For server-side TLS configuration, see TLS Configuration (Server).
appsettings.json
{
"Chronicle": {
"Url": "chronicle://localhost:35000",
"Tls": {
"CertificatePath": "/path/to/certificate.pfx",
"CertificatePassword": "your-password",
"Disable": false
}
}
}
Client options
var options = new ChronicleOptions
{
ConnectionString = "chronicle://localhost:35000",
Tls = new Tls
{
CertificatePath = "/path/to/certificate.pfx",
CertificatePassword = "your-password",
Disable = false
}
};
var client = new ChronicleClient(options);
Properties
| Property | Type | Default | Description |
|---|---|---|---|
| CertificatePath | string | null | Path to the client certificate (PFX format) if mutual TLS is used |
| CertificatePassword | string | null | Password for the certificate file |
| Disable | boolean | false | Disable TLS for development servers running without TLS |
Connection string option
TLS can also be disabled through the connection string in development:
var options = ChronicleOptions.FromConnectionString("chronicle://localhost:35000?disableTls=true");
Development vs production
- Development:
Disablecan be set to true when the server runs without TLS. - Production: TLS should remain enabled.
Certificate validation
The client validates server certificates using standard TLS rules:
- Valid certificates are accepted without extra configuration.

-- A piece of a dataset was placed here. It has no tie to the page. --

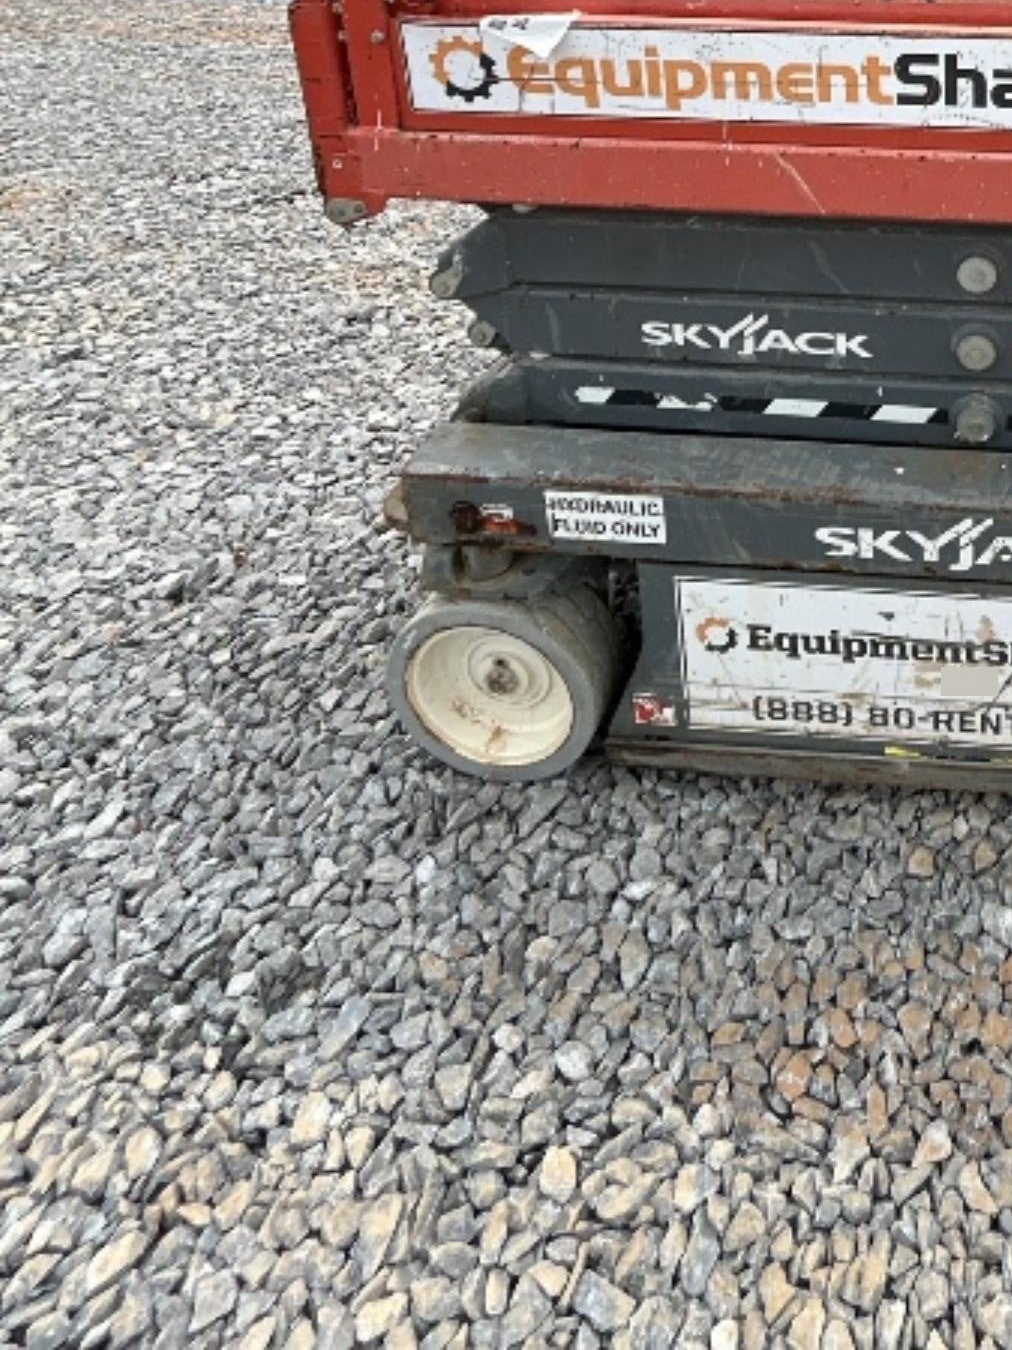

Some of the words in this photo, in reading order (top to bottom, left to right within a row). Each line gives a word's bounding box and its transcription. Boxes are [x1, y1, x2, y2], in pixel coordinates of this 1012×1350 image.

[640, 313, 874, 358] SKYJACK
[611, 521, 661, 538] ONLY
[752, 695, 854, 726] (888)

- Self-signed certificates require trust on the client machine.
- Name mismatches for localhost are accepted for development.
Troubleshooting
Client connection errors
Error: "The remote certificate is invalid"
Solutions:
- Ensure the server certificate is valid and not expired.
- Verify the client trusts the certificate authority.
- For development, install the self-signed certificate in the system trust store.
- As a last resort for development only, set
Disableto true.